Exercise aim - Repeat the data exactly as it appears.

Stored data entries -
[Start of section]
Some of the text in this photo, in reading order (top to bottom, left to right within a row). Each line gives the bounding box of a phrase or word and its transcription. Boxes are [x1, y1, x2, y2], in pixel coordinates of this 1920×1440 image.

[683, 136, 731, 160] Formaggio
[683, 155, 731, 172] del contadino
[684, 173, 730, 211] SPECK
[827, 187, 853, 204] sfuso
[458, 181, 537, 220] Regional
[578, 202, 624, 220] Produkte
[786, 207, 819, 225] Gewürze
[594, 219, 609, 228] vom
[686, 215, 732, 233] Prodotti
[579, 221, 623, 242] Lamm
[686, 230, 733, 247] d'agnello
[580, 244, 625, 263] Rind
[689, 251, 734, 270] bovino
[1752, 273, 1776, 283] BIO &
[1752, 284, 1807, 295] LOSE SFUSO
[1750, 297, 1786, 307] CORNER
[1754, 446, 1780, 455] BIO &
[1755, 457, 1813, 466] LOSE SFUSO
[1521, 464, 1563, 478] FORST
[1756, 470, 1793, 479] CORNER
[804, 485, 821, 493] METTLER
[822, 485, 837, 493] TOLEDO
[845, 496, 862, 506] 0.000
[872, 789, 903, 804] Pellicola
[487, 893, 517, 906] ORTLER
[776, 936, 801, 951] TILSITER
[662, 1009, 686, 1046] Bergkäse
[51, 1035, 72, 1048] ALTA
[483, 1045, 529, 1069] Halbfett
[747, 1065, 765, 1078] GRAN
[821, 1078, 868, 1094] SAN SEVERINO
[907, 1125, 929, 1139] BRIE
[End of section]
Response for this exercise -
Some of the text in this photo, in reading order (top to bottom, left to right within a row). Each line gives the bounding box of a phrase or word and its transcription. Boxes are [x1, y1, x2, y2], in pixel coordinates of this 1920×1440 image.

[683, 136, 731, 160] Formaggio
[683, 155, 731, 172] del contadino
[684, 173, 730, 211] SPECK
[827, 187, 853, 204] sfuso
[458, 181, 537, 220] Regional
[578, 202, 624, 220] Produkte
[786, 207, 819, 225] Gewürze
[594, 219, 609, 228] vom
[686, 215, 732, 233] Prodotti
[579, 221, 623, 242] Lamm
[686, 230, 733, 247] d'agnello
[580, 244, 625, 263] Rind
[689, 251, 734, 270] bovino
[1752, 273, 1776, 283] BIO &
[1752, 284, 1807, 295] LOSE SFUSO
[1750, 297, 1786, 307] CORNER
[1754, 446, 1780, 455] BIO &
[1755, 457, 1813, 466] LOSE SFUSO
[1521, 464, 1563, 478] FORST
[1756, 470, 1793, 479] CORNER
[804, 485, 821, 493] METTLER
[822, 485, 837, 493] TOLEDO
[845, 496, 862, 506] 0.000
[872, 789, 903, 804] Pellicola
[487, 893, 517, 906] ORTLER
[776, 936, 801, 951] TILSITER
[662, 1009, 686, 1046] Bergkäse
[51, 1035, 72, 1048] ALTA
[483, 1045, 529, 1069] Halbfett
[747, 1065, 765, 1078] GRAN
[821, 1078, 868, 1094] SAN SEVERINO
[907, 1125, 929, 1139] BRIE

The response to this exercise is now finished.